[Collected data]
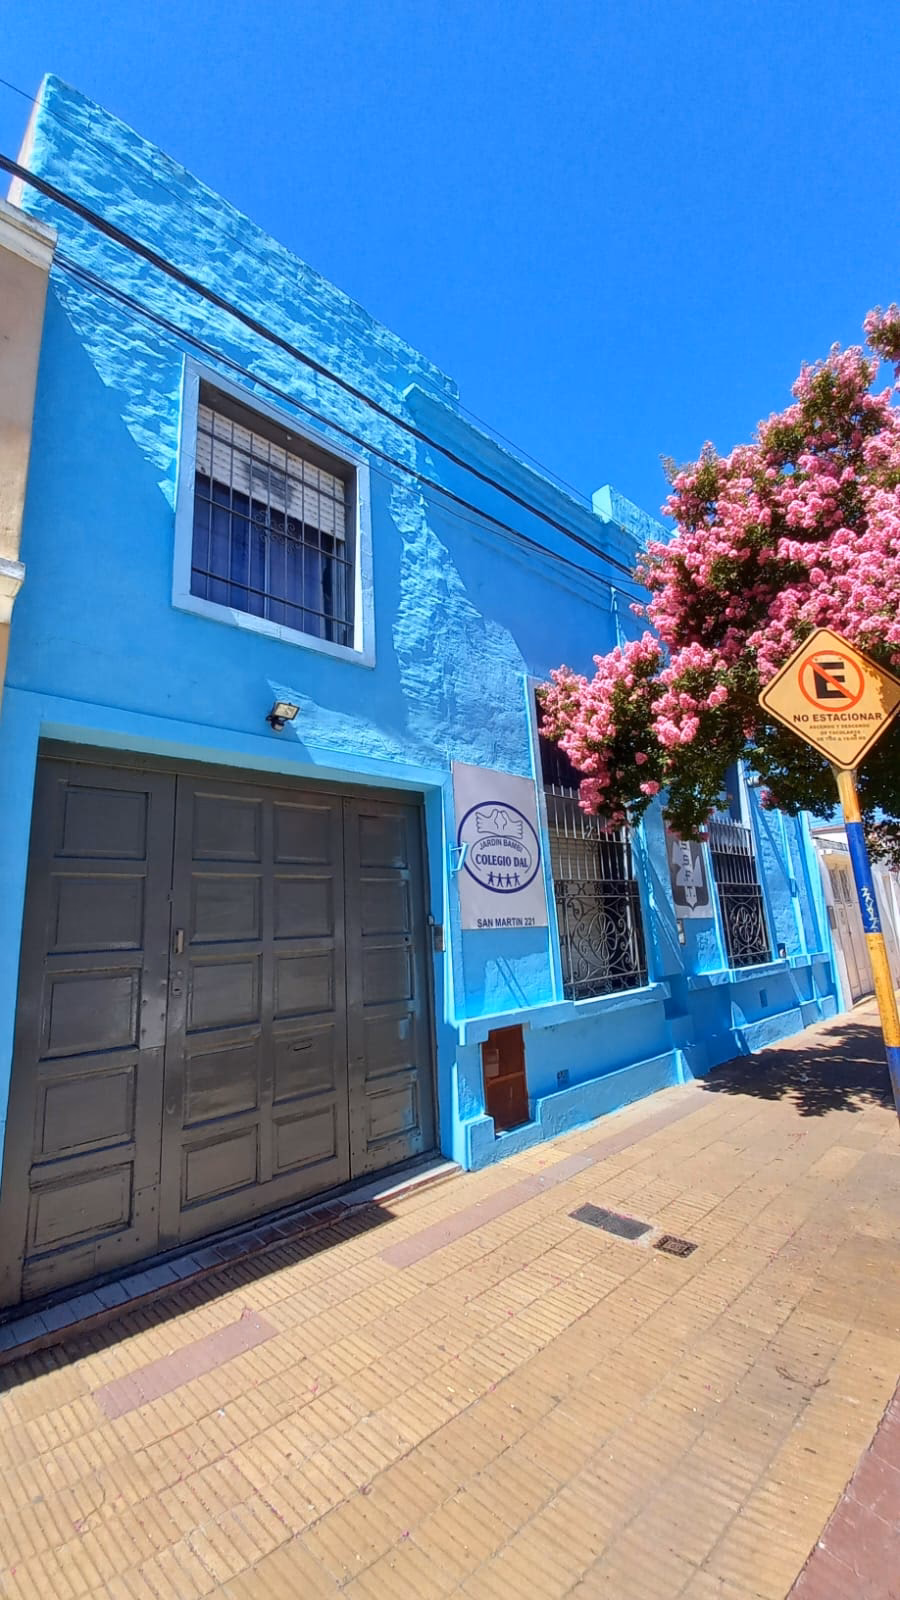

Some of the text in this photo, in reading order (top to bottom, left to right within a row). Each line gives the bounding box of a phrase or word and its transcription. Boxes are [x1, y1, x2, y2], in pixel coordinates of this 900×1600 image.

[793, 712, 883, 723] NO ESTACIONAR
[479, 838, 524, 853] JARDIN BAMBI
[475, 853, 529, 868] COLEGIO DAL
[477, 916, 536, 928] SAN MARTIN 221
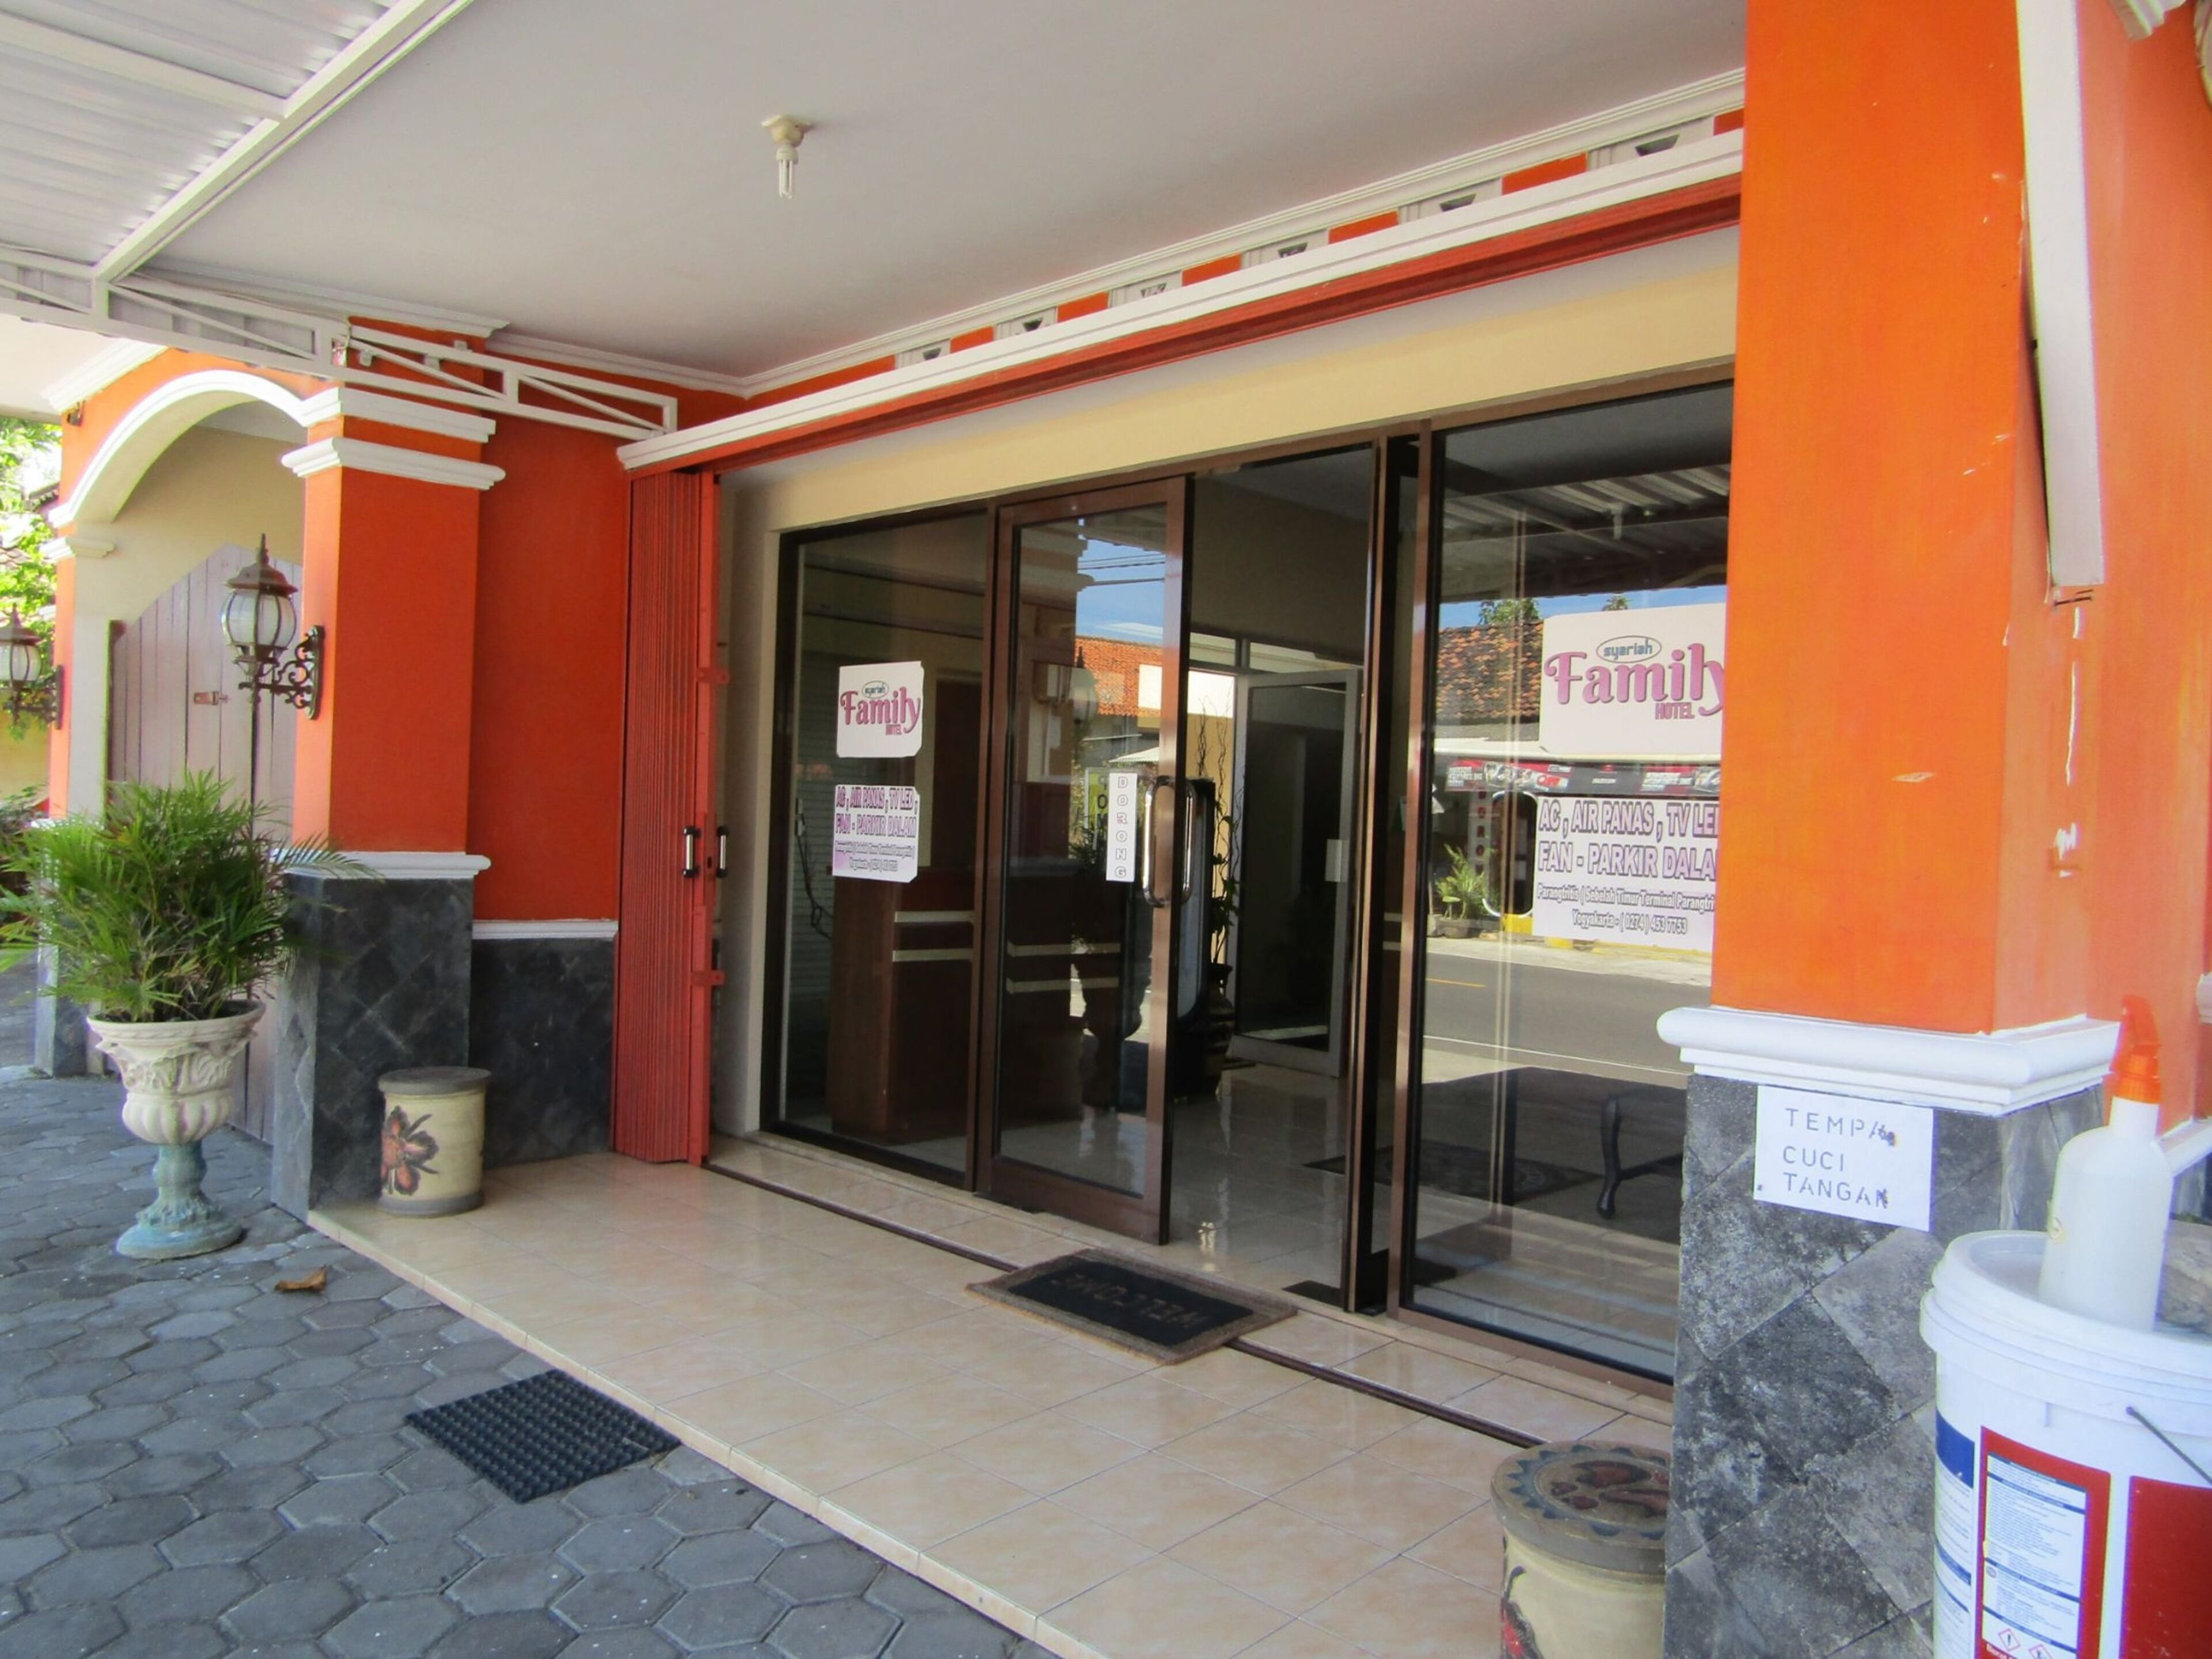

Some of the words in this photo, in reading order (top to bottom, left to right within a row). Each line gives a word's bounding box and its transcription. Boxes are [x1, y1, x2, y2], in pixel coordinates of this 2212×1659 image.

[Problem]
If a record holds a picture, drop the picture and return the rest of it exactly.

[Output for this task]
Some of the text in this photo, in reading order (top to bottom, left to right within a row). Each line gives the bounding box of a phrase or word and its transcription. Boxes are [x1, y1, x2, y2], in pixel coordinates of this 900×1600 image.

[793, 712, 883, 723] NO ESTACIONAR
[479, 838, 524, 853] JARDIN BAMBI
[475, 853, 529, 868] COLEGIO DAL
[477, 916, 536, 928] SAN MARTIN 221

Some of the words in this photo, in reading order (top to bottom, left to right within a row). Each line gives a word's bounding box and its transcription. Boxes are [x1, y1, x2, y2], in pixel coordinates of this 2212×1659 image.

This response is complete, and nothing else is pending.